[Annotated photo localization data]
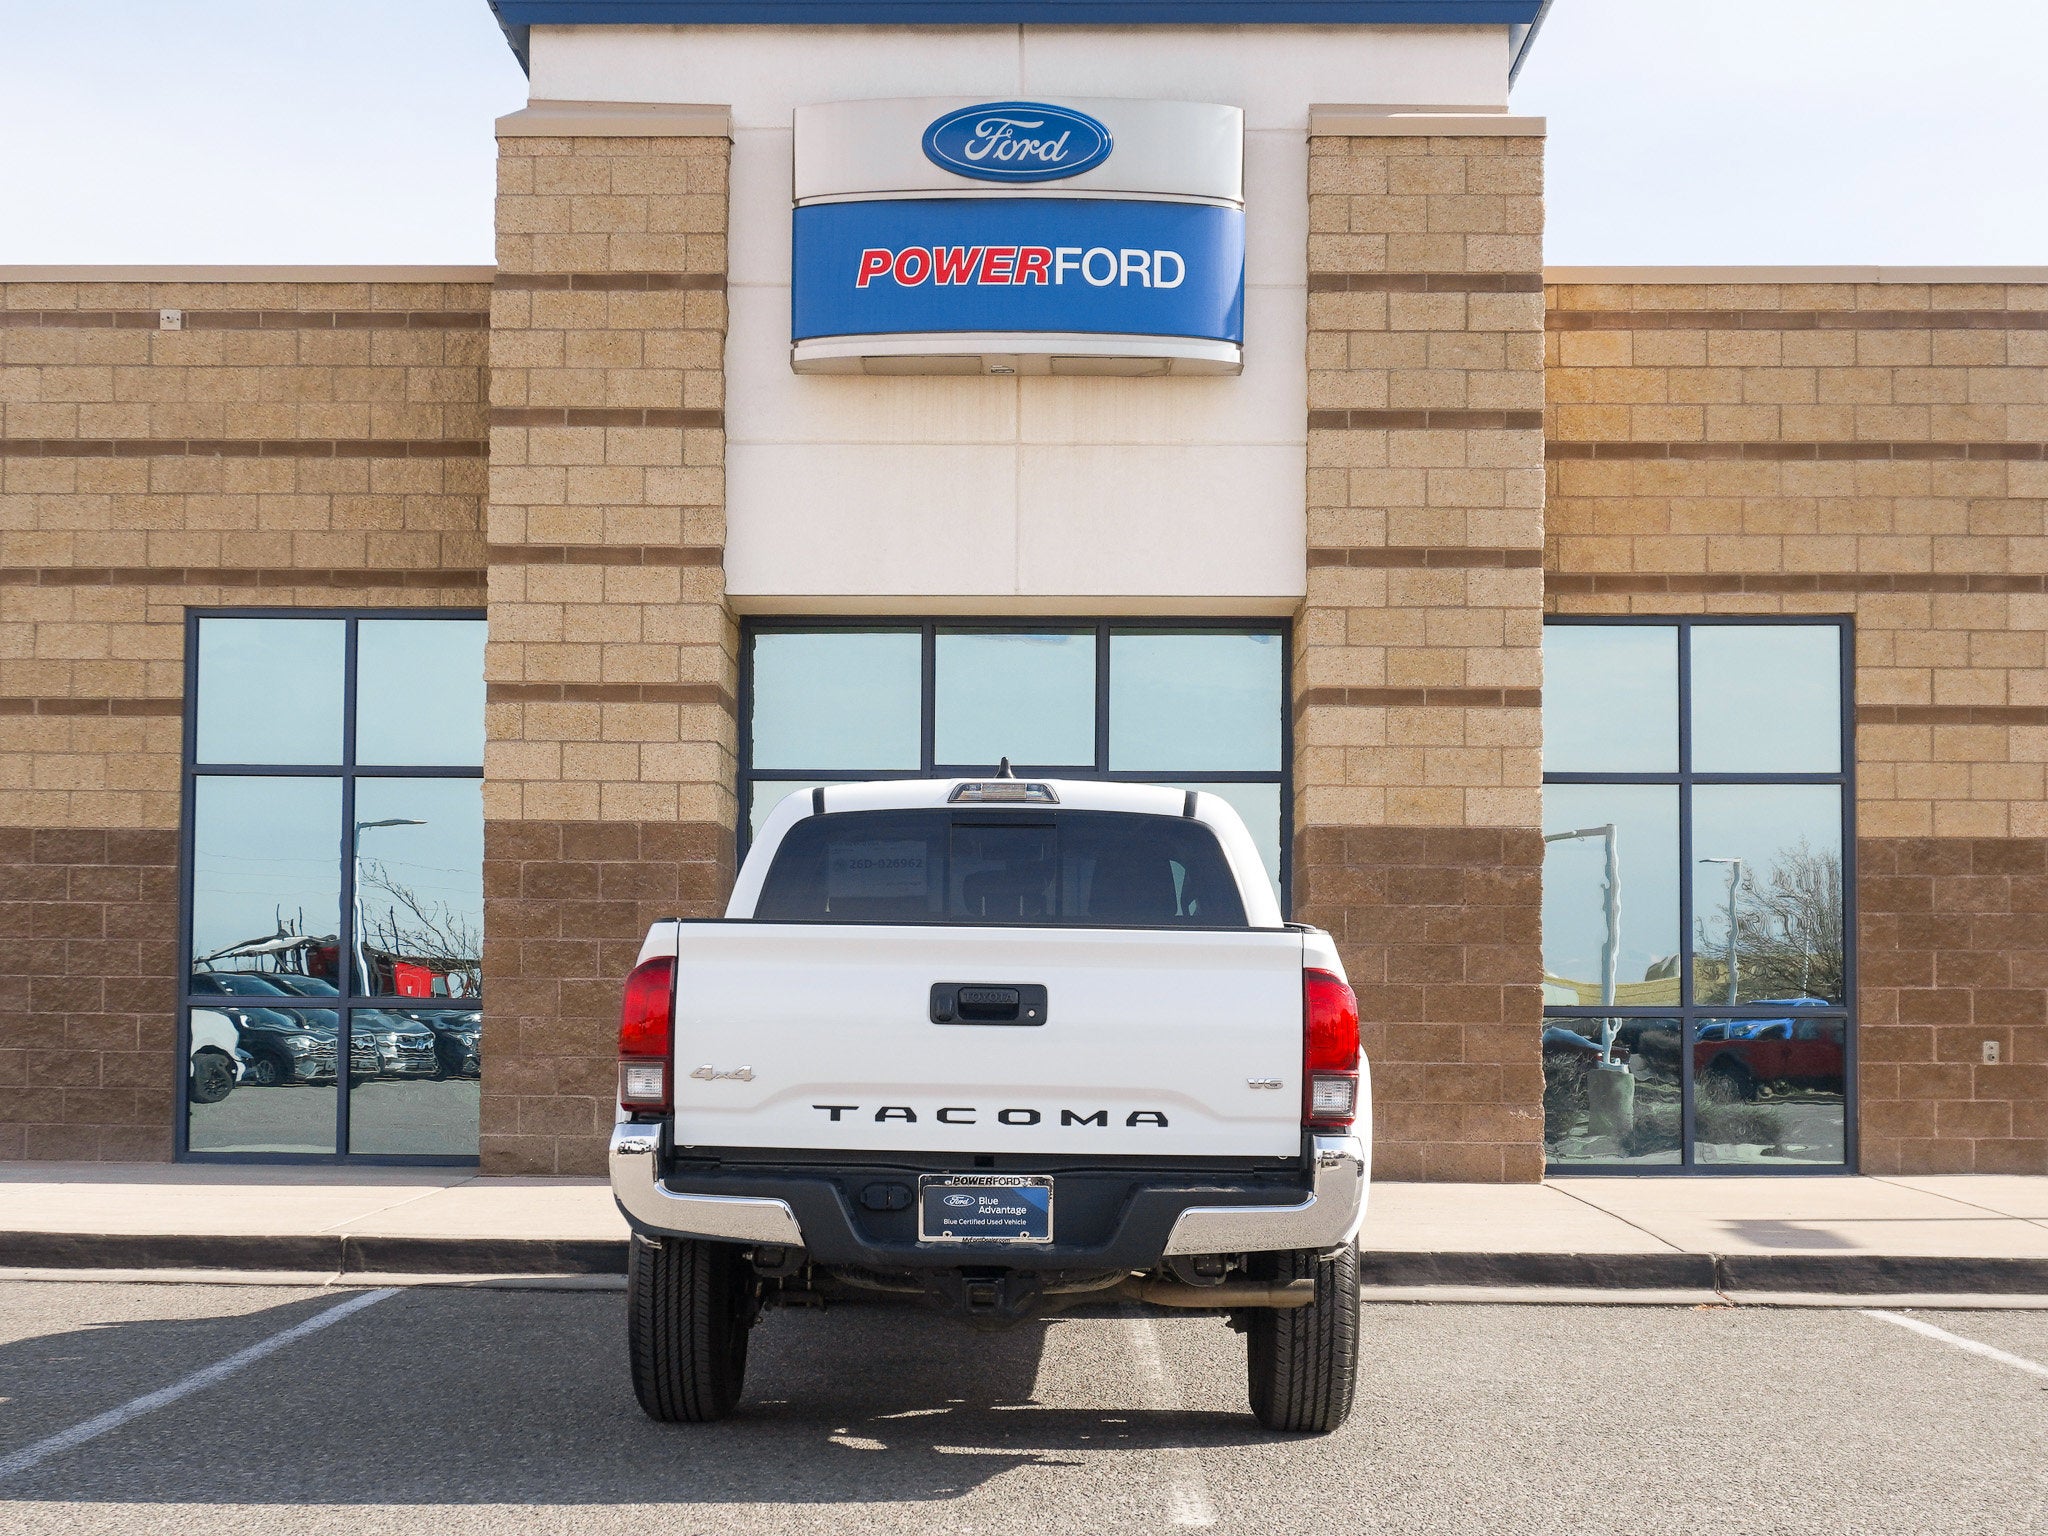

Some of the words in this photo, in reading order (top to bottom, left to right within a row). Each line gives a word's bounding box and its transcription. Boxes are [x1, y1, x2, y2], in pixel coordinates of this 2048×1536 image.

[963, 116, 1072, 163] Ford
[964, 992, 1014, 1002] TOYOTA
[1246, 1078, 1284, 1090] V6
[812, 1104, 1169, 1127] TACOMA
[949, 1195, 970, 1205] Ford
[978, 1197, 999, 1205] Blue
[978, 1206, 1027, 1215] Advantage
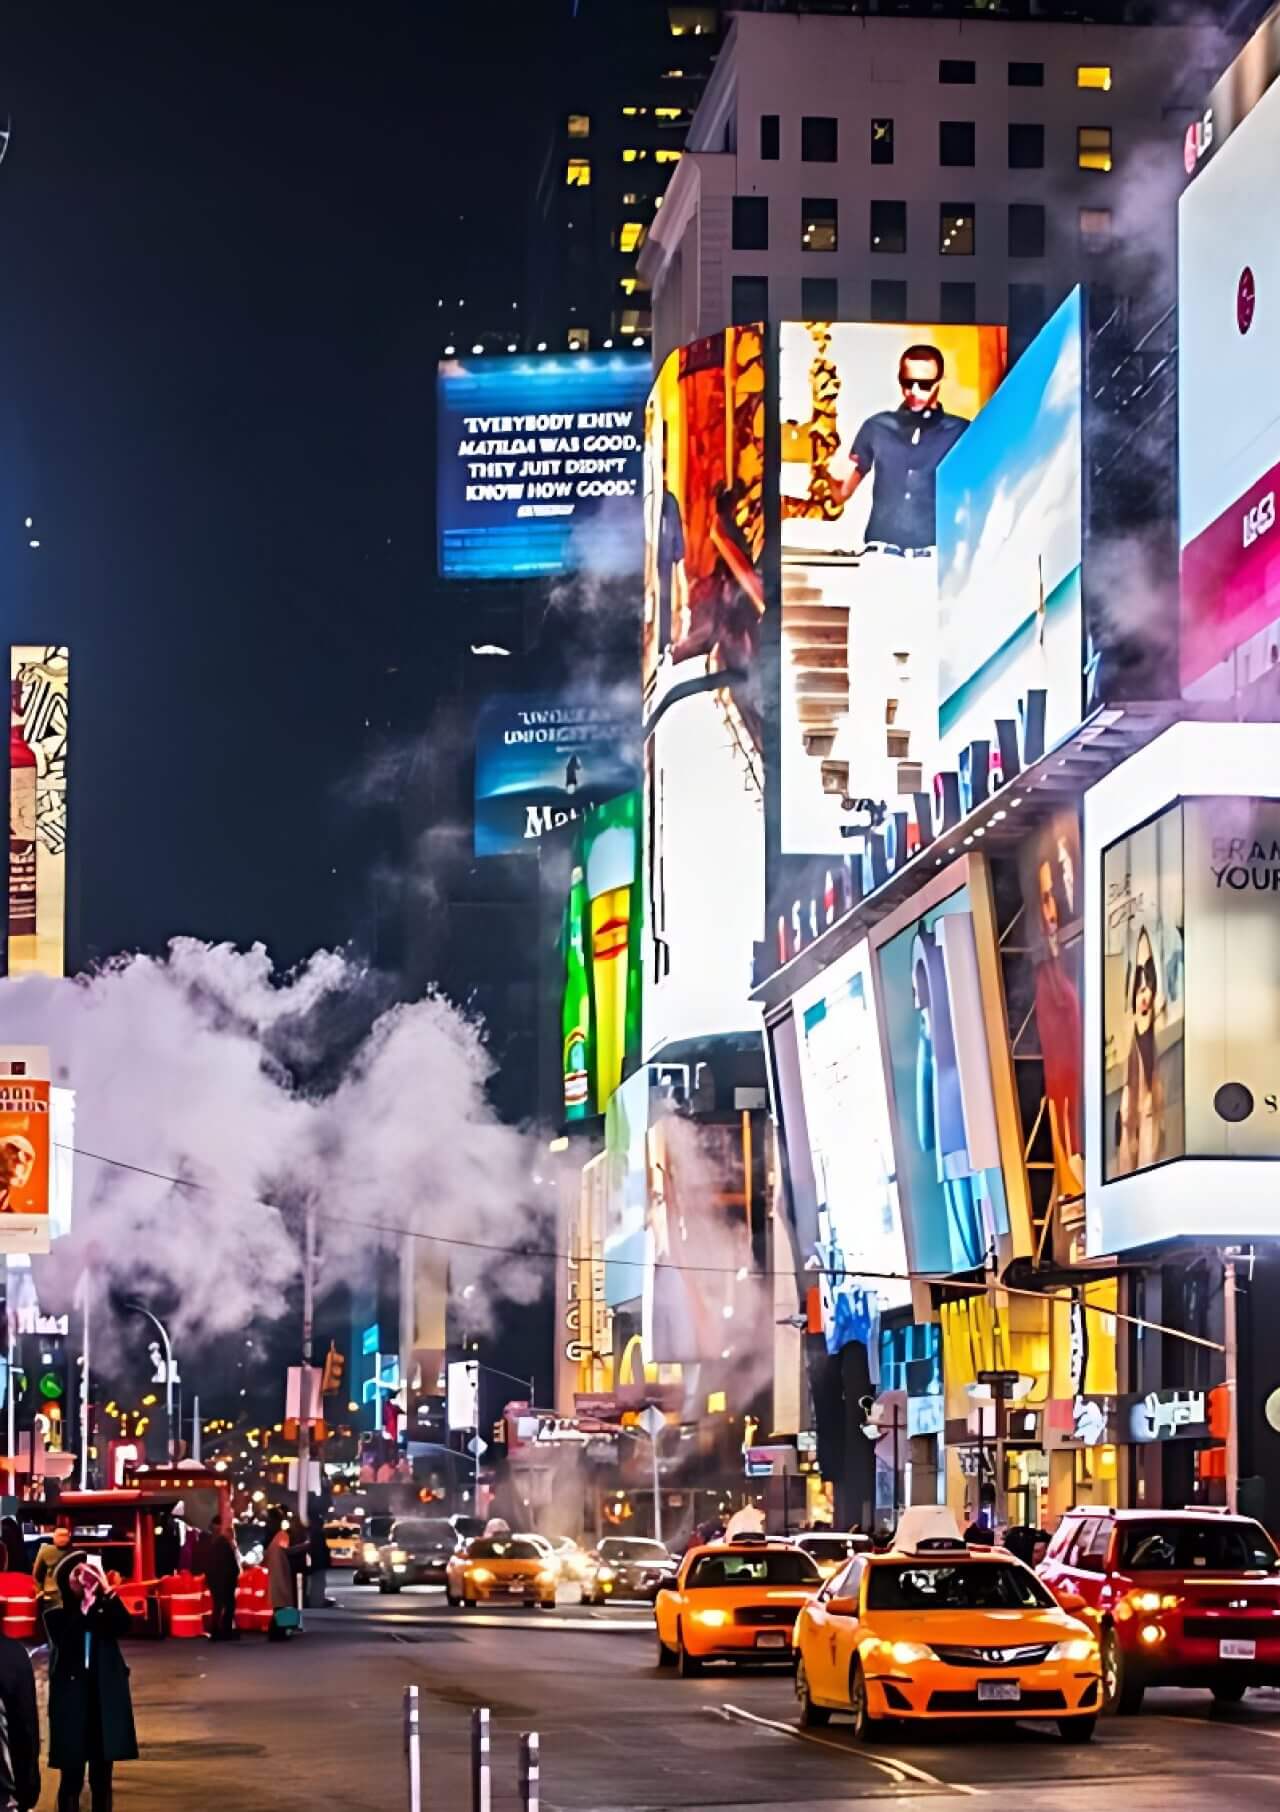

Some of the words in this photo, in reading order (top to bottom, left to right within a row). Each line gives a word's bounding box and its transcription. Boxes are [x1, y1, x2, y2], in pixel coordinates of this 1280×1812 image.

[458, 438, 536, 456] MATILDA
[539, 437, 580, 452] WAS
[468, 462, 516, 478] THEY
[519, 460, 561, 477] JUST
[565, 457, 627, 474] DIDN'T
[466, 484, 524, 501] KNOW
[527, 482, 573, 498] HOW
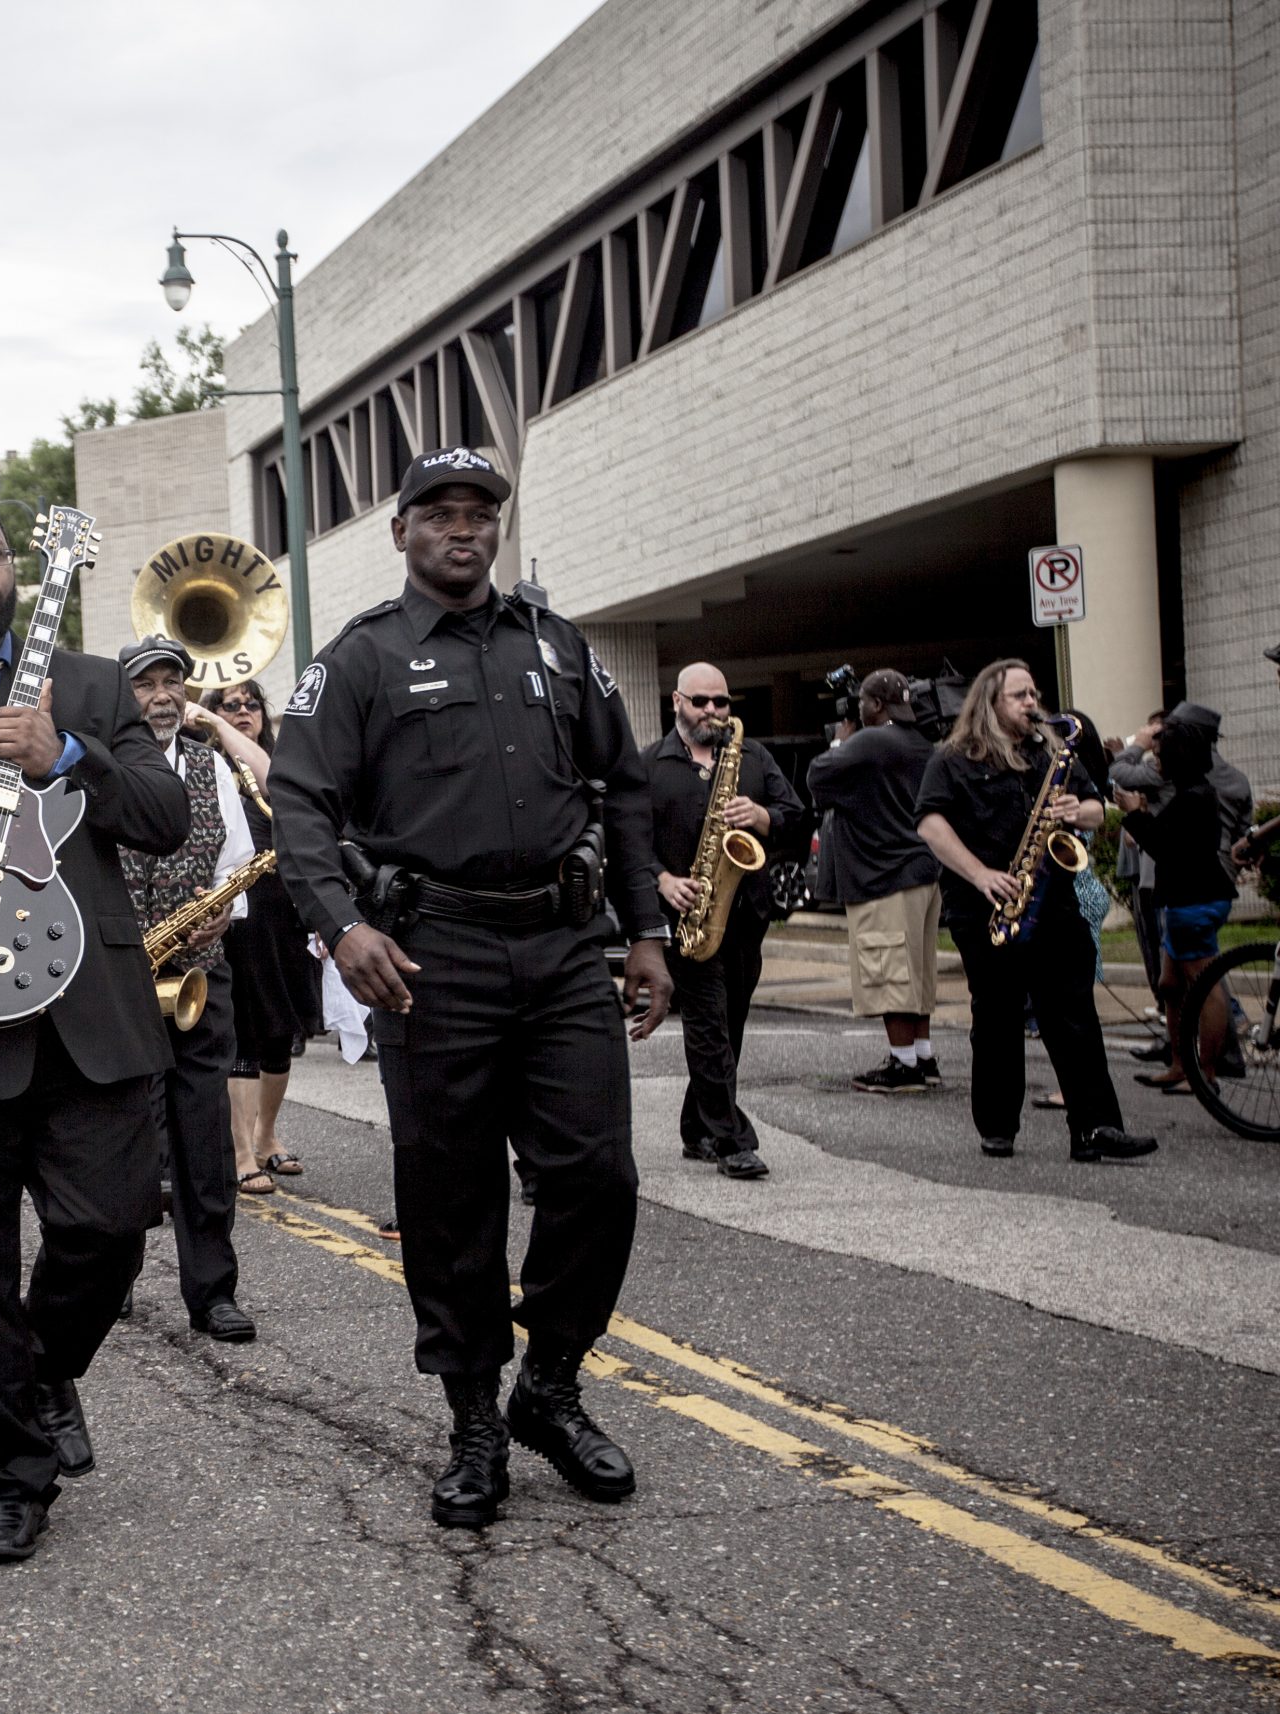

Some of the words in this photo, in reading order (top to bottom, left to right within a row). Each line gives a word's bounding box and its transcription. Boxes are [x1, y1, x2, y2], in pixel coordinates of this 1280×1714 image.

[150, 536, 281, 594] MIGHTY
[1049, 558, 1070, 585] P
[1039, 597, 1056, 610] Any
[1059, 595, 1079, 607] Time
[154, 632, 252, 683] ULS

*Exercise aim*. Return every line of the records exactly as given, pictures excluded.

*Output of the task*.
Some of the words in this photo, in reading order (top to bottom, left to right within a row). Each line gives a word's bounding box and its transcription. Boxes are [x1, y1, x2, y2], in pixel coordinates of this 2048×1536 image.

[963, 116, 1072, 163] Ford
[964, 992, 1014, 1002] TOYOTA
[1246, 1078, 1284, 1090] V6
[812, 1104, 1169, 1127] TACOMA
[949, 1195, 970, 1205] Ford
[978, 1197, 999, 1205] Blue
[978, 1206, 1027, 1215] Advantage

Some of the words in this photo, in reading order (top to bottom, left to right within a row). Each line gives a word's bounding box and its transcription. Boxes are [x1, y1, x2, y2], in pixel coordinates of this 1280×1812 image.

[458, 438, 536, 456] MATILDA
[539, 437, 580, 452] WAS
[468, 462, 516, 478] THEY
[519, 460, 561, 477] JUST
[565, 457, 627, 474] DIDN'T
[466, 484, 524, 501] KNOW
[527, 482, 573, 498] HOW

Some of the words in this photo, in reading order (top to bottom, left to right within a row). Each line gives a word's bounding box and its transcription. Boxes are [x1, y1, x2, y2], in pixel coordinates of this 1280×1714 image.

[150, 536, 281, 594] MIGHTY
[1049, 558, 1070, 585] P
[1039, 597, 1056, 610] Any
[1059, 595, 1079, 607] Time
[154, 632, 252, 683] ULS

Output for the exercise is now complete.